### Instructions for the task
Your task is to repeat the entries below exactly and to leave their images out.

Spatial localization data:
######

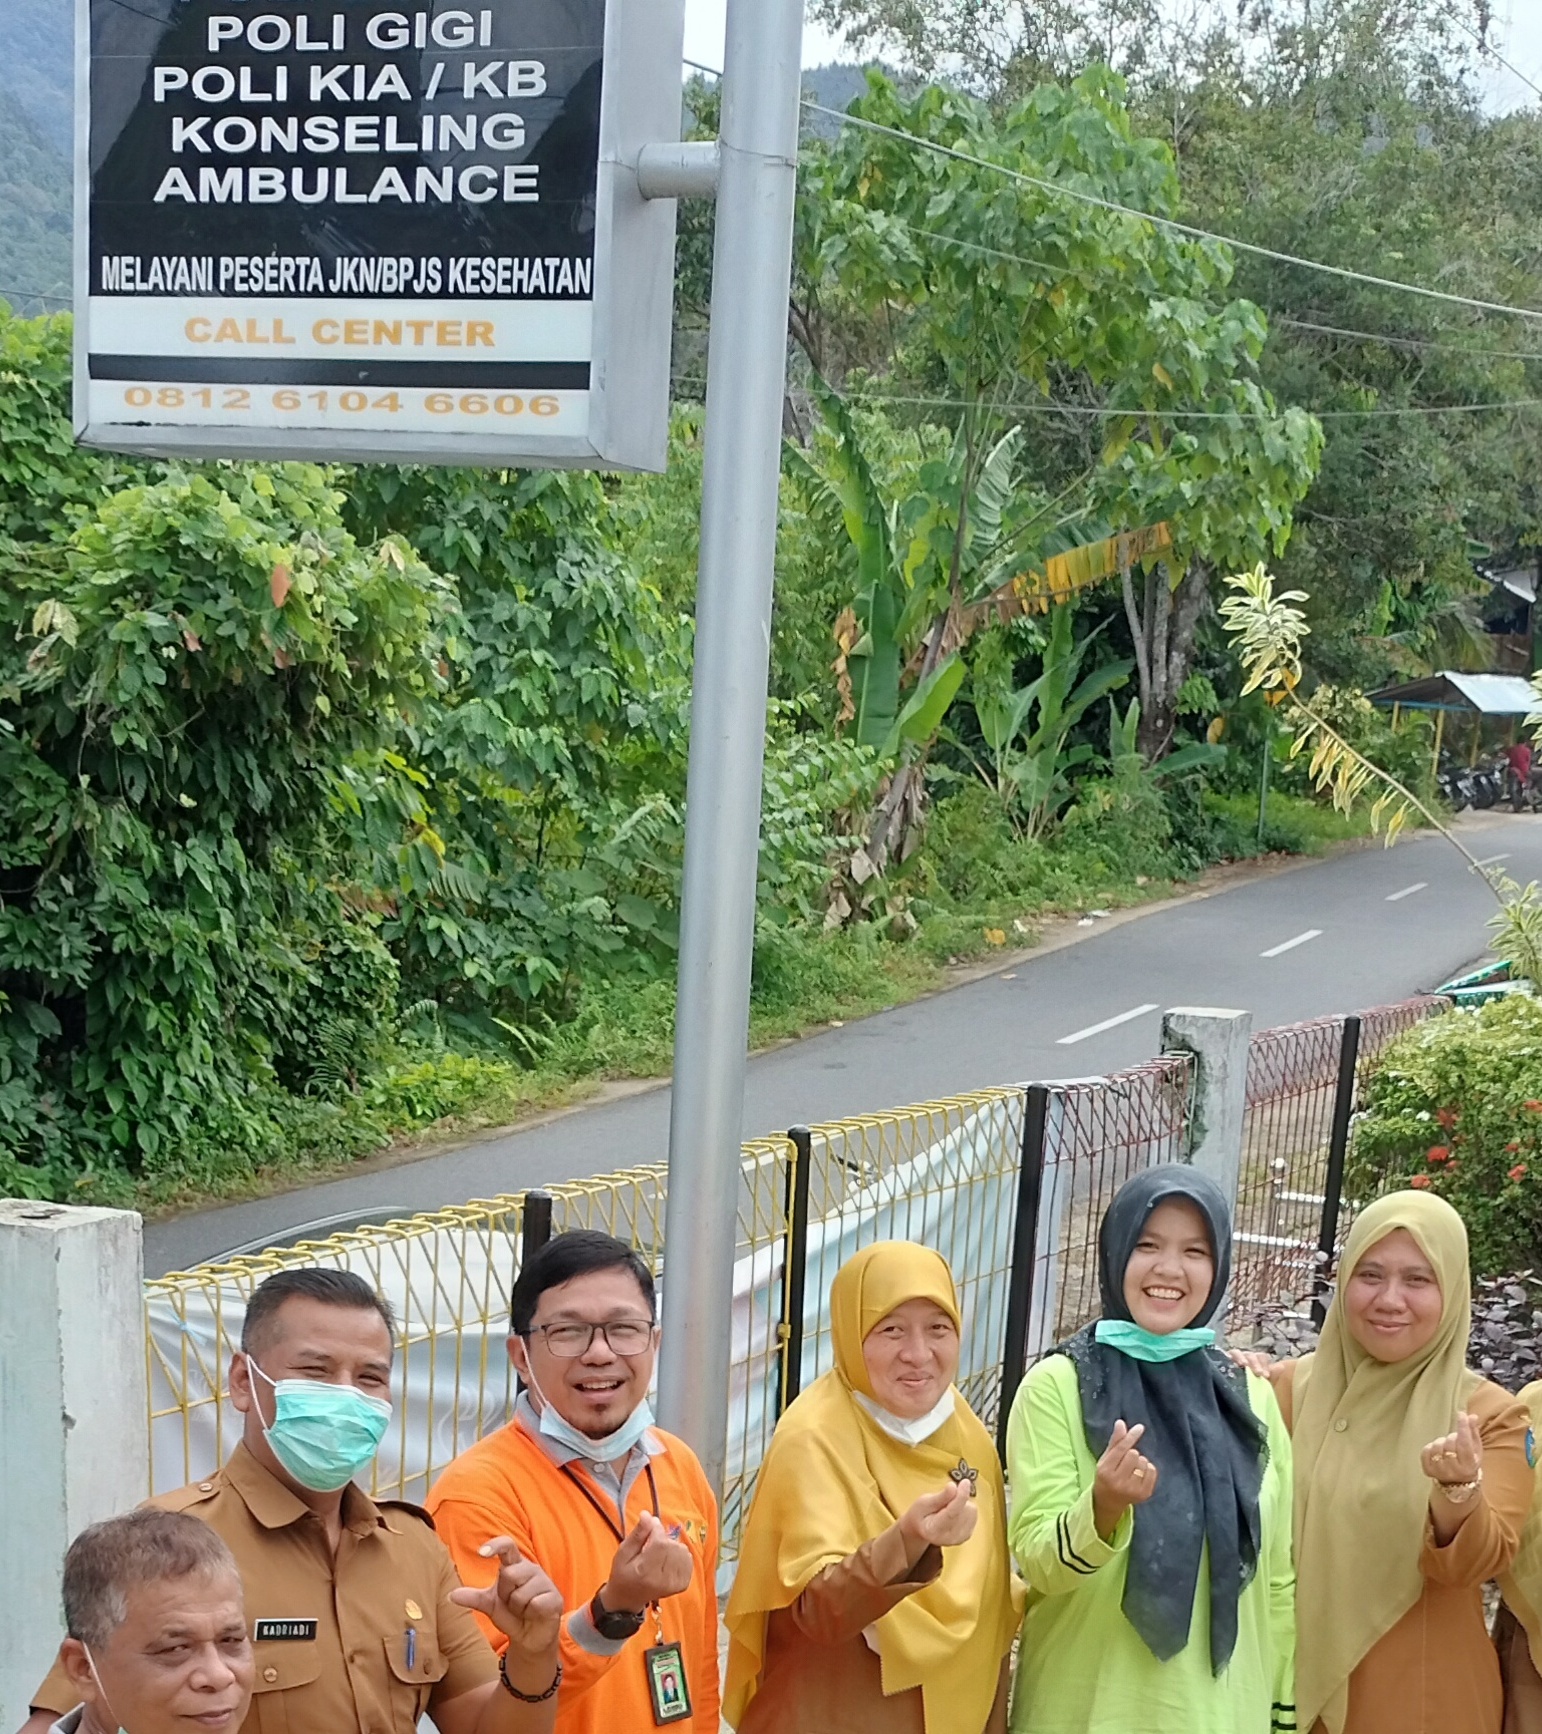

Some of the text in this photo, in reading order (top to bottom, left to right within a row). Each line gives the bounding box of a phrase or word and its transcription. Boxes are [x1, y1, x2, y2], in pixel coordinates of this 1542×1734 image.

[208, 10, 492, 52] POLI GIGI
[153, 60, 547, 101] POLI KIA / KB
[172, 113, 526, 153] KONSELING
[153, 164, 540, 203] AMBULANCE
[101, 256, 591, 296] MELAYANI PESERTA JKN/BPJS KESEHATAN
[184, 316, 496, 348] CALL CENTER
[124, 387, 561, 418] 0812 6104 6606
[262, 1623, 310, 1637] KADRIADI

######

### Solved exercise
Some of the text in this photo, in reading order (top to bottom, left to right within a row). Each line gives the bounding box of a phrase or word and its transcription. Boxes are [x1, y1, x2, y2], in pixel coordinates of this 1542×1734 image.

[208, 10, 492, 52] POLI GIGI
[153, 60, 547, 101] POLI KIA / KB
[172, 113, 526, 153] KONSELING
[153, 164, 540, 203] AMBULANCE
[101, 256, 591, 296] MELAYANI PESERTA JKN/BPJS KESEHATAN
[184, 316, 496, 348] CALL CENTER
[124, 387, 561, 418] 0812 6104 6606
[262, 1623, 310, 1637] KADRIADI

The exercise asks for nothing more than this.